Hacker News new | past | comments | ask | show | jobs | submit login
Python 3.x: RCE in Python applications that accept floats as untrusted input (mitre.org)
217 points by bitshifta on Feb 18, 2021 | hide | past | favorite | 69 comments



Already fixed in Python 3.6, 3.7, 3.8 and 3.9: https://bugs.python.org/issue42938

3.6.13 and 3.7.10 have already been released with the fix: https://www.python.org/downloads/release/python-3613/ https://www.python.org/downloads/release/python-3710/

The 3.8.8 and 3.9.2 release candidates with the fix will be promoted on Monday March 1st: https://discuss.python.org/t/python-3-9-2rc1-and-3-8-8rc1-ar...

If you're on 3.5 or lower, these versions are no longer receiving security fixes and will not be patched: https://python-release-cycle.glitch.me/


Surely delaying an RCE fix for two weeks on supported versions of Python is a mistake.


Distros are backporting security patches into their releases, so no harm done. If you rely on the python.org releases and don't build from source, then yes, that is a bit sad.

Case in point: The Debian security tracker, see their notes section referencing each commit.

https://security-tracker.debian.org/tracker/CVE-2021-3177


The python:3.8 and python:3.9 container images if used to build web services such as Django with GIS extensions may have an RCE until Python.org sources are updated.


Why can't the base image receive those patches as well?


Those images pull from python.org sources, see:

https://github.com/docker-library/python/blob/master/3.8/bus...


The release candidates are already available to use if you don't want to wait 2 weeks.


Update: 3.8.8 and 3.9.2 have been released. https://discuss.python.org/t/python-3-9-2-and-3-8-8-are-now-...


Minimal example:

  >>> import ctypes
  >>> x = ctypes.c_double.from_param(1e300)
  >>> repr(x)
  Segmentation fault
This happens when getting the string representation of a foreign function float. It doesn't affect the standard builtin float type. So it's not extremely common.

But I can imagine this cropping up if you e.g. find a way to cause an exception that formats a value. Or if there's aggressive logging.

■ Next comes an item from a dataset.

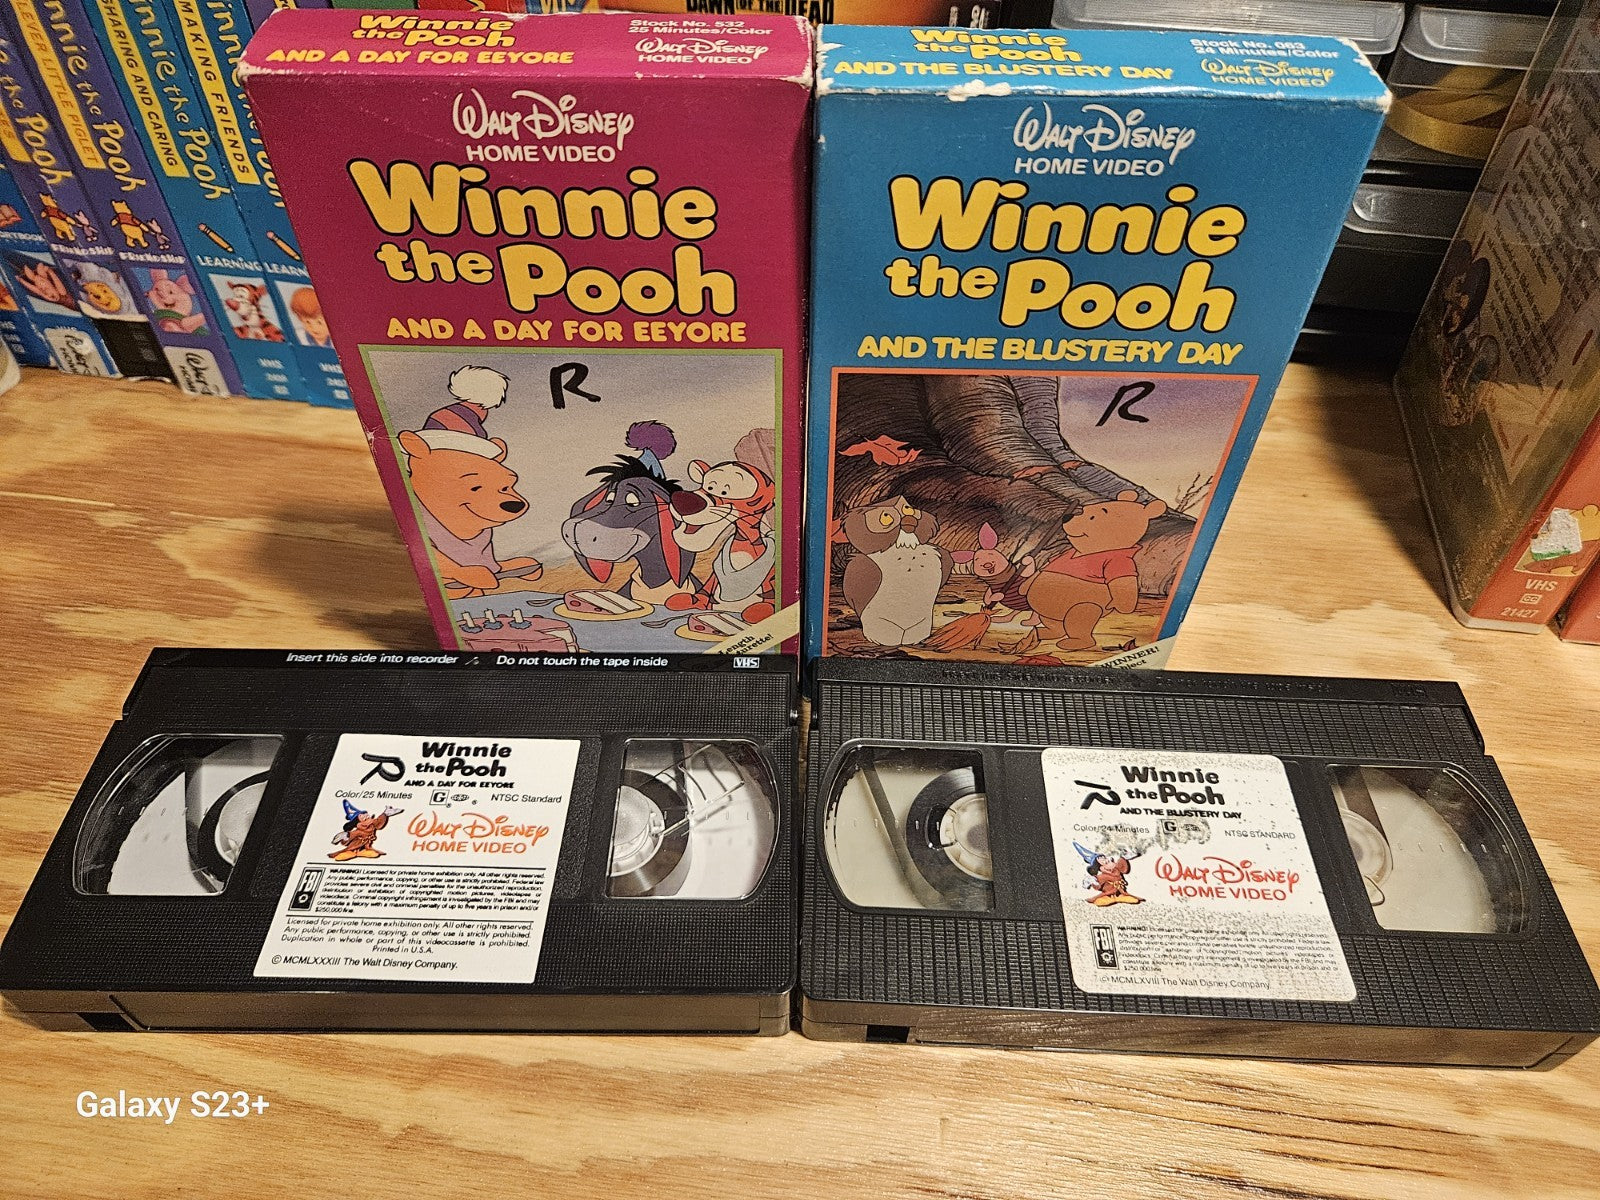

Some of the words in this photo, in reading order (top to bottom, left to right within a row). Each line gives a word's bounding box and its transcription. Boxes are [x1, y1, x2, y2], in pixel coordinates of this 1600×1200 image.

For Fedora 32 and 33 it seems to be already fixed:

    >>> repr(x)
    "<cparam 'd' (1e+300)>"


FWIW this also crashes Python 2.7 on macOS Catalina.


Python 2 is EOL


Remediation for this vulnerability basically caused complete gridlock for the internal tools at a certain FAANG company today.


That was handled poorly to say the least.


hahha, I happen to be working on this at said faang...


I bet it’d be an even bigger deal at a couple financial services companies if they took security updates to internal codebases seriously.


Yip, everyone was paged last night, been in a bad way since. Got grief for commenting as much in thread.


Facebook?


Amazon.


FAANG?


In the early 2000s COBRA reorganized as FAANG in response to changing geopolitical realities.


I read that as corba (java) Took me a while.


Wait what was COBRA? I looked it up but couldn't find it.


From GI Joe.


Who’s GI Joe now?


After his tour ended he ran for president and won.


Wasn't that CORBA?


Facebook, Apple, Amazon, Netflix, Google


What's the one that also includes Microsoft? FANMAG? I recall there was something but can't remember what...


IIRC that would be FAMANG, but I like FanMag.


There are other more offensive anagrams I've seen used...


I prefer the Spoonerism but I don't think it'll take off


The "elite" engineers are using ctypes in production?

ctypes has never been considered even remotely secure, it can call any library function, including, drumroll, sprintf!


There's hints elsewhere it's Amazon.

Their build system is interesting. One of the quirks is you define your application, and every library/package that you depend on. They don't depend on system libraries for their application code. The idea is to get as consistent an operating environment where possible. It's both generally amazing, and an absolute pain in the arse (usually when you least want it to be, because some upstream package changed their dependencies and you end up with version conflicts to unpick).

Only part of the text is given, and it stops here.